Proprio da questa miniera di favole e leggende Lilia è riuscita a cogliere il senso del fantastico, un motivo che purtroppo è assente dalla tradizione poetica in veneto, legata a una formula lirica o nostalgica. Questo sentimento modernissimoviene scavato e diretto attraverso la sottile intuizione della magia.E’ un gioco continuo di trasformazioni, di reinvenzione del quotidiano che allude sempre ad altro da sé, come se Lilia riuscisse sempre a vivere in un clima di favola.

Viene da pensare alle parole con cui Renzo Francescotti conclude la sua bella introduzione, cioè al fatto che le poesie di Lilia “presuppongono l’esistenza di vite precedenti e seguenti”. In effetti ogni incontro che si può notare nella sua poesia è continuamente allusivo ad altro che si può solo intuire: le cose del mondo sono sempre simboli che ci rimandano a un altrove che vive in altro spazio.

Lo stesso titolo del libro Amor porét (Amore mendicante) ci richiama a una sorta di amore panico che percorre tutto il libro. Ogni pensiero, ogni analogia, ogni evento poetico diventa così atto d’amore non solo per le cose, ma per la vita, per quella che deve realizzarsi e per quella che si intuisce già vissuta e che deve venire riscoperta attraverso la fantasia. Questa infatti non si esaurisce nel puro gioco dell’invenzione, ma è un mezzo di conoscenza del reale che potremmo chiamare perfino scientifico, un metodo per indagare quel che le forme visive e apparenti possono solo suggerire. Queste poesie infatti muovono dal reale, ma per sempre superarlo verso una realtà molto più vera, che solo la poesia può raggiungere.

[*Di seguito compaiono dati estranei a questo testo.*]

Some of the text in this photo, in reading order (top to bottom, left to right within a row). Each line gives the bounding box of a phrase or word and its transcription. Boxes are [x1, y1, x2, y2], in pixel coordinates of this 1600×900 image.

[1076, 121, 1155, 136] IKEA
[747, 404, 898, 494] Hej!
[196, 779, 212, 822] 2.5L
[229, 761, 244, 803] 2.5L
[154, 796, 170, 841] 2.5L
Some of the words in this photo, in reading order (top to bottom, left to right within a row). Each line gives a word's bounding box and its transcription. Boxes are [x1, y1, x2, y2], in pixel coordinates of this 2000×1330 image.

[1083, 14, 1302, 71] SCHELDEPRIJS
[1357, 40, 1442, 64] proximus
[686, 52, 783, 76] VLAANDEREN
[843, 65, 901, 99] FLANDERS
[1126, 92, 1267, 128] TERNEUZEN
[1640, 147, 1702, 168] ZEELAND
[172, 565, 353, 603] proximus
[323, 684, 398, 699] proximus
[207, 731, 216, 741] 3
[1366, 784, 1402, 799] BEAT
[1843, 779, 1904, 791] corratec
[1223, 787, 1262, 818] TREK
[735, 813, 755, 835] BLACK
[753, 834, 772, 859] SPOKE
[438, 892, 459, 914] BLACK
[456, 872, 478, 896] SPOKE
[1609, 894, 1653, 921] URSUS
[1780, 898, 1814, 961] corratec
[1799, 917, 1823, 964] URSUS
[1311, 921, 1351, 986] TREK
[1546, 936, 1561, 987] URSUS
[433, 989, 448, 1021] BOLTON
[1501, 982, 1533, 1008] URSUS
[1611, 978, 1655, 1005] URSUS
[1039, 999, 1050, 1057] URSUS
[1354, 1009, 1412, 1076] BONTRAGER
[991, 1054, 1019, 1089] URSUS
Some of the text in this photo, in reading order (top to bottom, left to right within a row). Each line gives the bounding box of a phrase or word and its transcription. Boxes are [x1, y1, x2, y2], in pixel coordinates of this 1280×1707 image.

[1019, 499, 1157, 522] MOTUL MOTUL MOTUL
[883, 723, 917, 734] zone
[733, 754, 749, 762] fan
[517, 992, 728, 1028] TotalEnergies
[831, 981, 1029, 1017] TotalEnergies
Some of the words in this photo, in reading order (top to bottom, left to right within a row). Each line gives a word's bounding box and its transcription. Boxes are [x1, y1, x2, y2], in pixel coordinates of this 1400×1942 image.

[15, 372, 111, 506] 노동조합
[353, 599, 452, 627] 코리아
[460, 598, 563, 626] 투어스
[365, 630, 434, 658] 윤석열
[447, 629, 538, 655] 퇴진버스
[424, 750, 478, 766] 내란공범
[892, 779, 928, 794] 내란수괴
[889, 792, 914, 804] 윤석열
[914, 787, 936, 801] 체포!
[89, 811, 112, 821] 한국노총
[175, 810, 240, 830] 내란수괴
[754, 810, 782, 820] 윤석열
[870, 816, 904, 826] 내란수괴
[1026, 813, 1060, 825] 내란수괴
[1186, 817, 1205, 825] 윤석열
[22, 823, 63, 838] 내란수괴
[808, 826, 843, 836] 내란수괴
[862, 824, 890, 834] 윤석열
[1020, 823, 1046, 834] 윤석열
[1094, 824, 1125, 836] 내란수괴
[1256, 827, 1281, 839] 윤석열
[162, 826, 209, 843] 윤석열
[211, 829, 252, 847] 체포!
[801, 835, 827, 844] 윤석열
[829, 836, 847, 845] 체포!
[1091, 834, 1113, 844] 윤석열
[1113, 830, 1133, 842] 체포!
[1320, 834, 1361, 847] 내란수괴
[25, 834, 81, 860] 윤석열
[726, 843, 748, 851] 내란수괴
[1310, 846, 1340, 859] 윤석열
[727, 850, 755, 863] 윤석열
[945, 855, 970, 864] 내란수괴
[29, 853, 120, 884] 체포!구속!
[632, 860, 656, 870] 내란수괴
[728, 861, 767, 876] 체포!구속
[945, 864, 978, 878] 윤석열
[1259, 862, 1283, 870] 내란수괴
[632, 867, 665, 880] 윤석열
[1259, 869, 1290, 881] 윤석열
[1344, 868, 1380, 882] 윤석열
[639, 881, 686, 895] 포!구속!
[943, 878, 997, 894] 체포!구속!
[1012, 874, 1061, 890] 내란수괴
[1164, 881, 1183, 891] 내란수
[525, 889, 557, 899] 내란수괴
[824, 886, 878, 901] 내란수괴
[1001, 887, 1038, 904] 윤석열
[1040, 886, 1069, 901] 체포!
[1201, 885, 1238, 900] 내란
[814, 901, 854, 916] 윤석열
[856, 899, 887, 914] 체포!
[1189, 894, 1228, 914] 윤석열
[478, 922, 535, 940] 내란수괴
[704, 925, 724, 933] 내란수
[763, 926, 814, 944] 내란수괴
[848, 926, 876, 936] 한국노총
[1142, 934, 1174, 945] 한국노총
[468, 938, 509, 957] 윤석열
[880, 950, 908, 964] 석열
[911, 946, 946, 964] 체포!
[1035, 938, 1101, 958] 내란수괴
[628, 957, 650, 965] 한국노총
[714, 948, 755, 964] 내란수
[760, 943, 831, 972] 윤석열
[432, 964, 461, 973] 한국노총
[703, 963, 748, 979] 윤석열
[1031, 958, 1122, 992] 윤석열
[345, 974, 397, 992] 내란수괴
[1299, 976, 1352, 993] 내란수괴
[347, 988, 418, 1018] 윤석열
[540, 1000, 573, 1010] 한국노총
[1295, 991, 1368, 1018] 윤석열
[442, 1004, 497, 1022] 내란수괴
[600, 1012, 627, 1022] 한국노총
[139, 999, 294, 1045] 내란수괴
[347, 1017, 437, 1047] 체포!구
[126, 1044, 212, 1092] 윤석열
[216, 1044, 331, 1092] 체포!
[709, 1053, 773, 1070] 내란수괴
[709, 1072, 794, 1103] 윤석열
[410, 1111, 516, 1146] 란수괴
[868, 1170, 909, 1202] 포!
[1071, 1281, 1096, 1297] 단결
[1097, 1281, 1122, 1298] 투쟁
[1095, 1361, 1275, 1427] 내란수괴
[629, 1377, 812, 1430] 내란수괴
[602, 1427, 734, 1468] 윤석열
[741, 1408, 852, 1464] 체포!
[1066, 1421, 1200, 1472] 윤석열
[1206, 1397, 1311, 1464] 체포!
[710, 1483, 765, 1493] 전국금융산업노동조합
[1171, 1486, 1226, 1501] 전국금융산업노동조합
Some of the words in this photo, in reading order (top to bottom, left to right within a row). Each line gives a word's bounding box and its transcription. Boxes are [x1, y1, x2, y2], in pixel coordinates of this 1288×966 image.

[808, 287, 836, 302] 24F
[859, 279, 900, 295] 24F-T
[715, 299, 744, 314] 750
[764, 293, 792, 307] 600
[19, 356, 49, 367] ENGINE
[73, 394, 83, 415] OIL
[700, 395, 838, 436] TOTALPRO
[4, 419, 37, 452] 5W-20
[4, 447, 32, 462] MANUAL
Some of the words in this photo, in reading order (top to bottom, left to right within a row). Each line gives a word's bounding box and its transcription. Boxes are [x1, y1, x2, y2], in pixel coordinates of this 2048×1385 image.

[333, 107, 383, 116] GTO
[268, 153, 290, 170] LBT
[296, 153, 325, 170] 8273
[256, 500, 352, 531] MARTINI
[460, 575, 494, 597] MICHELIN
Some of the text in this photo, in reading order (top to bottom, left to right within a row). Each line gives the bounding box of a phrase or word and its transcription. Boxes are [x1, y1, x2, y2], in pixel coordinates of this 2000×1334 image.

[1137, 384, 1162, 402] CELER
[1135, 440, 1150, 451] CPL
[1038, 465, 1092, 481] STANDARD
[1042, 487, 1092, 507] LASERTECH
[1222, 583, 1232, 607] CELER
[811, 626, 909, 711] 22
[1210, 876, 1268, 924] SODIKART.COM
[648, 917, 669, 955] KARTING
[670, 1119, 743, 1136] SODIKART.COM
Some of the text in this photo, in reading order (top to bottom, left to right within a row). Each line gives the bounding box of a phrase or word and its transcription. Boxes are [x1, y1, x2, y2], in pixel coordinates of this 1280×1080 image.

Resta da rimarcare una lacuna di cui sono vittime tutti gli autori trentini: purtroppo il recente risveglio della letteratura di quell’ambiente (pensiamo anche a Renzo Francescotti, a Elio Fox, a Silvano Forti) non si è inserito nel panorama più vasto della cultura in veneto. C’è nel Trentino una condizione di isolamento che deve essere superata.